# Architecture Overview

Owl is an emerging library developed in the OCaml language for scientific and engineering computing. It focuses on providing a comprehensive set of high-level numerical functions so that developers can quickly build up any data analytical applications. After over one-year intensive development and continuous optimisation, Owl has evolved into a powerful software system with competitive performance to mainstream numerical libraries. Meanwhile, Owl’s overall architecture remains simple and elegant. Its small code base can be easily managed by a small group of developers.

In this chapter, we first present Owl’s design, core components, and its key functionality. We show that Owl benefits greatly from OCaml’s module system which not only allows us to write concise generic code with superior performance, but also leads to a very unique design to enable parallel and distributed computing. OCaml’s static type checking significantly reduces potential bugs and accelerates the development cycle. We also share the knowledge and lessons learnt from building up a full-fledge system for scientific computing with the functional programming community.

## Introduction

Thanks to the recent advances in machine learning and deep neural networks, there is a huge demand on various numerical tools and libraries in order to facilitate both academic researchers and industrial developers to fast prototype and test their new ideas, then develop and deploy analytical applications at large scale. Take deep neural network as an example, Google invests heavily in TensorFlow while Facebook promotes their PyTorch. Beyond these libraries focusing on one specific numerical task, the interest on general purpose tools like Python and Julia also grows fast. Python has been one popular choice among developers for fast prototyping analytical applications. One important reason is because SciPy and NumPy two libraries, tightly integrated with other advanced functionality such as plotting, offer a powerful environment which lets developers write very concise code to finish complicated numerical tasks. As a result, even for the frameworks which were not originally developed in Python (such as Caffe and TensorFlow), they often provide Python bindings to take advantage of the existing numerical infrastructure in NumPy and SciPy.
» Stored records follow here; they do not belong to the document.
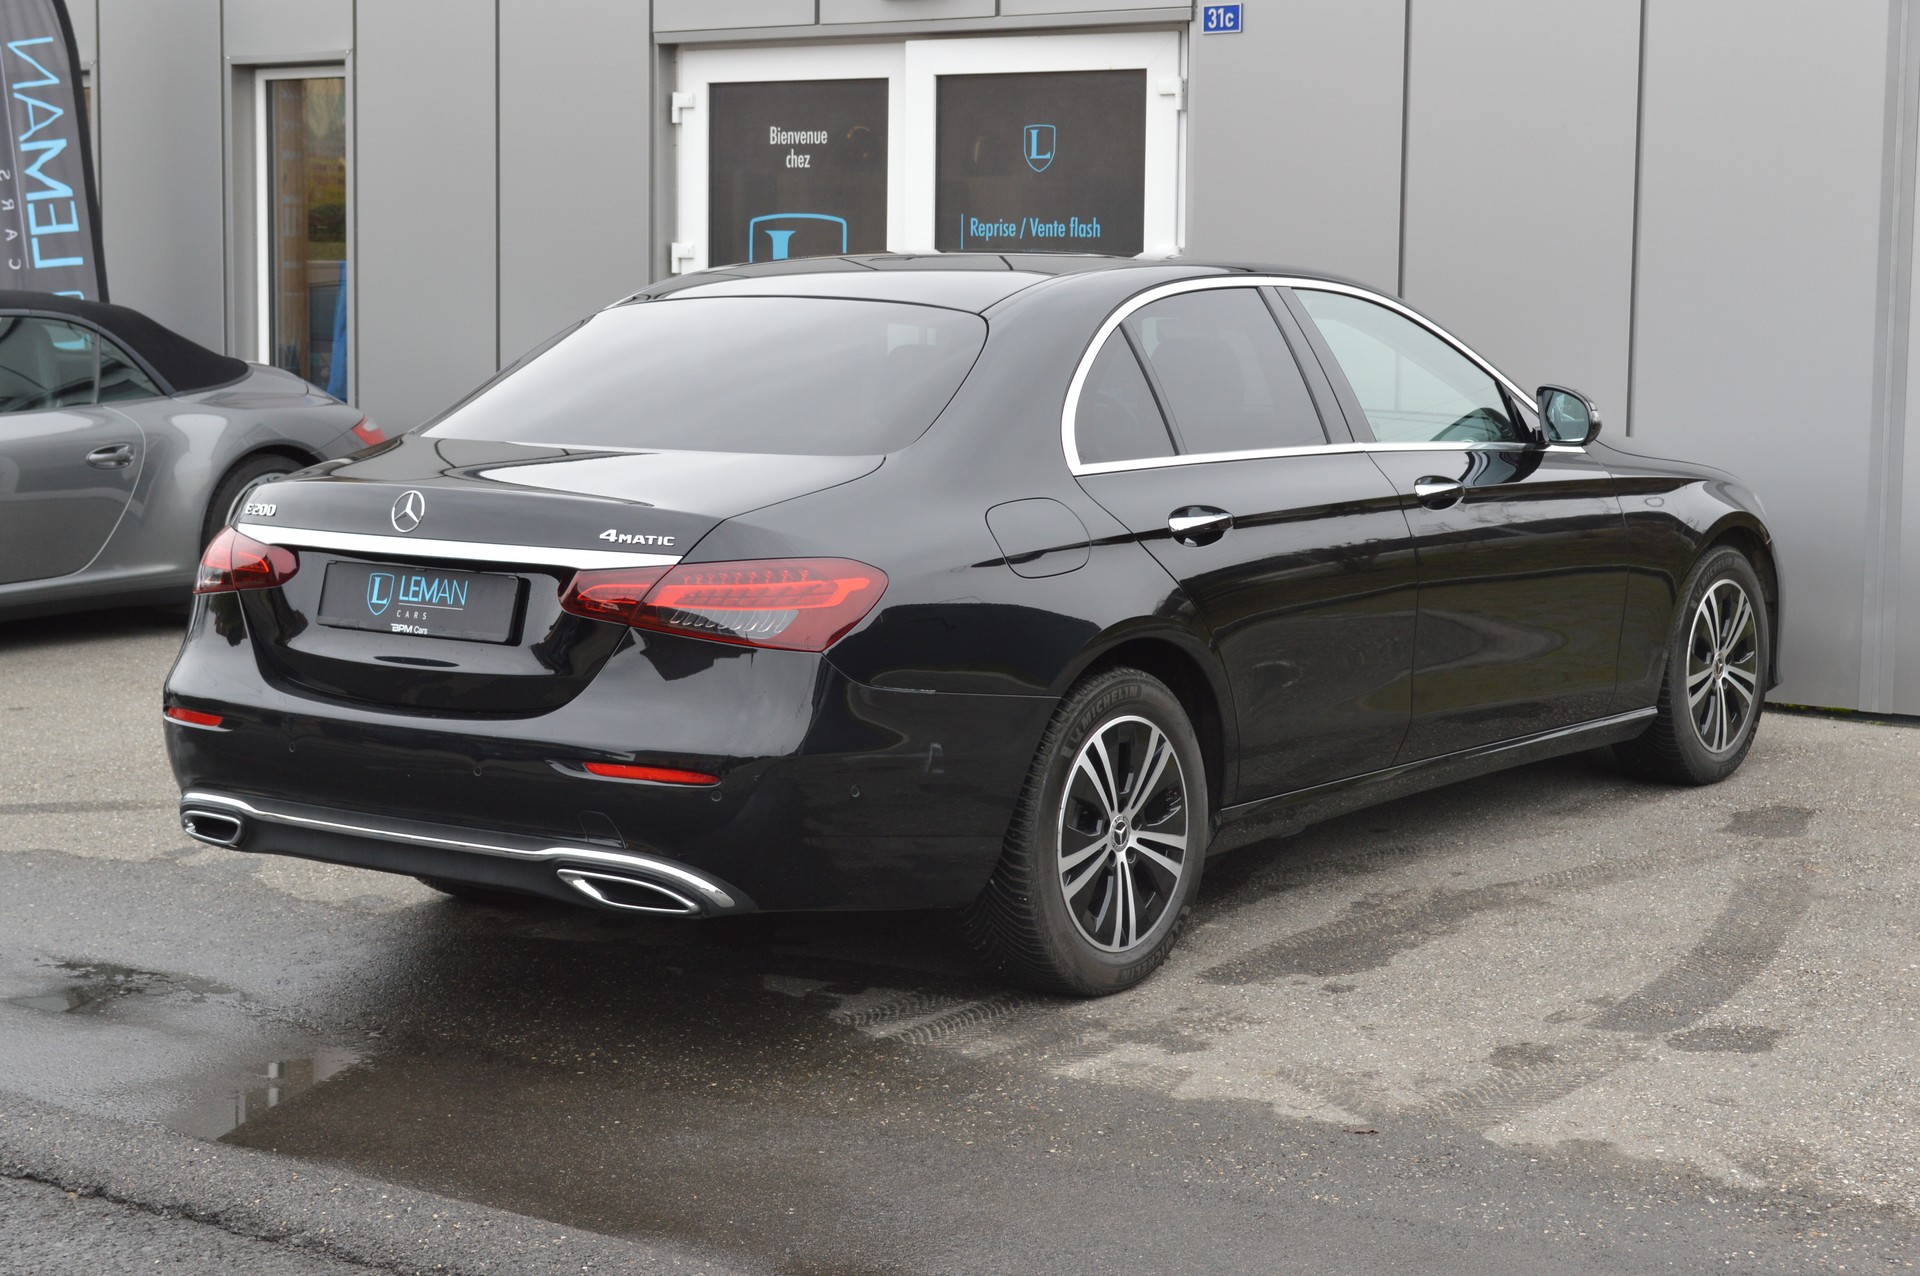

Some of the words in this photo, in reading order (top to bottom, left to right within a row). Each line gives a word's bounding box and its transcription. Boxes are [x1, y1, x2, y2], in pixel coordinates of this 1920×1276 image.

[1208, 8, 1234, 29] 31c
[769, 126, 828, 145] Bienvenue
[1029, 129, 1051, 160] L
[786, 149, 811, 168] chez
[970, 217, 1017, 241] Reprise
[1019, 217, 1027, 239] /
[1030, 217, 1066, 238] Vente
[1069, 216, 1101, 238] flash
[244, 503, 277, 516] E200
[599, 528, 676, 546] 4MATIC
[370, 576, 388, 605] L
[398, 575, 469, 606] LEMAN
[396, 609, 427, 620] CARS
[391, 623, 413, 634] BPM
[413, 625, 428, 635] Cars
[1081, 685, 1139, 729] MICHELIN
On the other hand, the supporting of basic scientific computing in OCaml is rather fragmented. There have been some initial efforts (e.g., Lacaml, Oml, Pareto, etc.), but their APIs are either too low-level to offer satisfying productivity, or the designs overly focus on a specific problem domain. Moreover, inconsistent data representation and careless use of abstract types make it difficult to pass data across different libraries. Consequently, developers often have to write a significant amount of boilerplate code just to finish rather trivial numerical tasks. As we can see, there is a severe lack of a general purpose numerical library in OCaml ecosystem. We believe OCaml per se is a good candidate for developing such a general purpose numerical library for two important reasons: 1) we can write functional code as concise as that in Python with type-safety; 2) OCaml code often has much superior performance comparing to dynamic languages such as Python and Julia.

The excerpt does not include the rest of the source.